Task - The answer consists solely of the data below, reproduced exactly.

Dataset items
★ ★ ★

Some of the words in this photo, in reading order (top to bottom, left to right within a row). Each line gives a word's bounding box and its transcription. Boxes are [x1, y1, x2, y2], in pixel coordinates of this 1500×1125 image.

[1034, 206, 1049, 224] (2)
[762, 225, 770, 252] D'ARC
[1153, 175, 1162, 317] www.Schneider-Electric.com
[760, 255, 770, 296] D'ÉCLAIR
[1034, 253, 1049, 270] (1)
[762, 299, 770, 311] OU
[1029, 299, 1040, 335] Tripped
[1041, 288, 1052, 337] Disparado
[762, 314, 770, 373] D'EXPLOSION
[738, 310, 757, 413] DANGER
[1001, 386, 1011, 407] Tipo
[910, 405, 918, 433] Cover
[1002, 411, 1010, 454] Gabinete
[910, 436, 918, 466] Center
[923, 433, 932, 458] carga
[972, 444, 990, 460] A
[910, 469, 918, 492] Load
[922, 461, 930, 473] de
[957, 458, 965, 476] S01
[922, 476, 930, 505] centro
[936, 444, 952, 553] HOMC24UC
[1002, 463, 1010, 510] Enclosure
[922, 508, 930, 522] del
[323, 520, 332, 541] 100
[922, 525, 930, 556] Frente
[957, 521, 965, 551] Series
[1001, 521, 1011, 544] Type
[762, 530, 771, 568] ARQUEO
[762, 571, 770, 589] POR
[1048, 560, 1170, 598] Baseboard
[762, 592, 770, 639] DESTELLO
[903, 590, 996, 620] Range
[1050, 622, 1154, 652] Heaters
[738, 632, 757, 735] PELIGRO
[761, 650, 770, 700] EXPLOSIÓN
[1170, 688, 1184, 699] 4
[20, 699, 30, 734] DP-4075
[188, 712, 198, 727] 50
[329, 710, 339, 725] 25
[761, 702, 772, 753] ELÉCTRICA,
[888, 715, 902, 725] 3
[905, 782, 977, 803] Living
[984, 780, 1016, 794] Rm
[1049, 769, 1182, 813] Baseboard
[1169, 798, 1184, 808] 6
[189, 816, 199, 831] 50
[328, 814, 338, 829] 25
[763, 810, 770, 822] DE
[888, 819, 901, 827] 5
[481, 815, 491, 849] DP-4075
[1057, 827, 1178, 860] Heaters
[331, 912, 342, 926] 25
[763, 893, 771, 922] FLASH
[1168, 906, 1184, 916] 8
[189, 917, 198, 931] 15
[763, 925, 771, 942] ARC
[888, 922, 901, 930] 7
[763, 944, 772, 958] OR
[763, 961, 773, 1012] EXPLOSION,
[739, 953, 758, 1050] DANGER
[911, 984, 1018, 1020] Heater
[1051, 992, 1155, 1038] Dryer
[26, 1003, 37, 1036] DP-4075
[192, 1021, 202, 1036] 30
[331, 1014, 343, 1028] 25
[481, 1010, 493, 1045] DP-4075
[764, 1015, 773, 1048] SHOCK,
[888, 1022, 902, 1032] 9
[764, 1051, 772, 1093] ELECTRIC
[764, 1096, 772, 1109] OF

★ ★ ★

Exercise output -
Some of the words in this photo, in reading order (top to bottom, left to right within a row). Each line gives a word's bounding box and its transcription. Boxes are [x1, y1, x2, y2], in pixel coordinates of this 1500×1125 image.

[1034, 206, 1049, 224] (2)
[762, 225, 770, 252] D'ARC
[1153, 175, 1162, 317] www.Schneider-Electric.com
[760, 255, 770, 296] D'ÉCLAIR
[1034, 253, 1049, 270] (1)
[762, 299, 770, 311] OU
[1029, 299, 1040, 335] Tripped
[1041, 288, 1052, 337] Disparado
[762, 314, 770, 373] D'EXPLOSION
[738, 310, 757, 413] DANGER
[1001, 386, 1011, 407] Tipo
[910, 405, 918, 433] Cover
[1002, 411, 1010, 454] Gabinete
[910, 436, 918, 466] Center
[923, 433, 932, 458] carga
[972, 444, 990, 460] A
[910, 469, 918, 492] Load
[922, 461, 930, 473] de
[957, 458, 965, 476] S01
[922, 476, 930, 505] centro
[936, 444, 952, 553] HOMC24UC
[1002, 463, 1010, 510] Enclosure
[922, 508, 930, 522] del
[323, 520, 332, 541] 100
[922, 525, 930, 556] Frente
[957, 521, 965, 551] Series
[1001, 521, 1011, 544] Type
[762, 530, 771, 568] ARQUEO
[762, 571, 770, 589] POR
[1048, 560, 1170, 598] Baseboard
[762, 592, 770, 639] DESTELLO
[903, 590, 996, 620] Range
[1050, 622, 1154, 652] Heaters
[738, 632, 757, 735] PELIGRO
[761, 650, 770, 700] EXPLOSIÓN
[1170, 688, 1184, 699] 4
[20, 699, 30, 734] DP-4075
[188, 712, 198, 727] 50
[329, 710, 339, 725] 25
[761, 702, 772, 753] ELÉCTRICA,
[888, 715, 902, 725] 3
[905, 782, 977, 803] Living
[984, 780, 1016, 794] Rm
[1049, 769, 1182, 813] Baseboard
[1169, 798, 1184, 808] 6
[189, 816, 199, 831] 50
[328, 814, 338, 829] 25
[763, 810, 770, 822] DE
[888, 819, 901, 827] 5
[481, 815, 491, 849] DP-4075
[1057, 827, 1178, 860] Heaters
[331, 912, 342, 926] 25
[763, 893, 771, 922] FLASH
[1168, 906, 1184, 916] 8
[189, 917, 198, 931] 15
[763, 925, 771, 942] ARC
[888, 922, 901, 930] 7
[763, 944, 772, 958] OR
[763, 961, 773, 1012] EXPLOSION,
[739, 953, 758, 1050] DANGER
[911, 984, 1018, 1020] Heater
[1051, 992, 1155, 1038] Dryer
[26, 1003, 37, 1036] DP-4075
[192, 1021, 202, 1036] 30
[331, 1014, 343, 1028] 25
[481, 1010, 493, 1045] DP-4075
[764, 1015, 773, 1048] SHOCK,
[888, 1022, 902, 1032] 9
[764, 1051, 772, 1093] ELECTRIC
[764, 1096, 772, 1109] OF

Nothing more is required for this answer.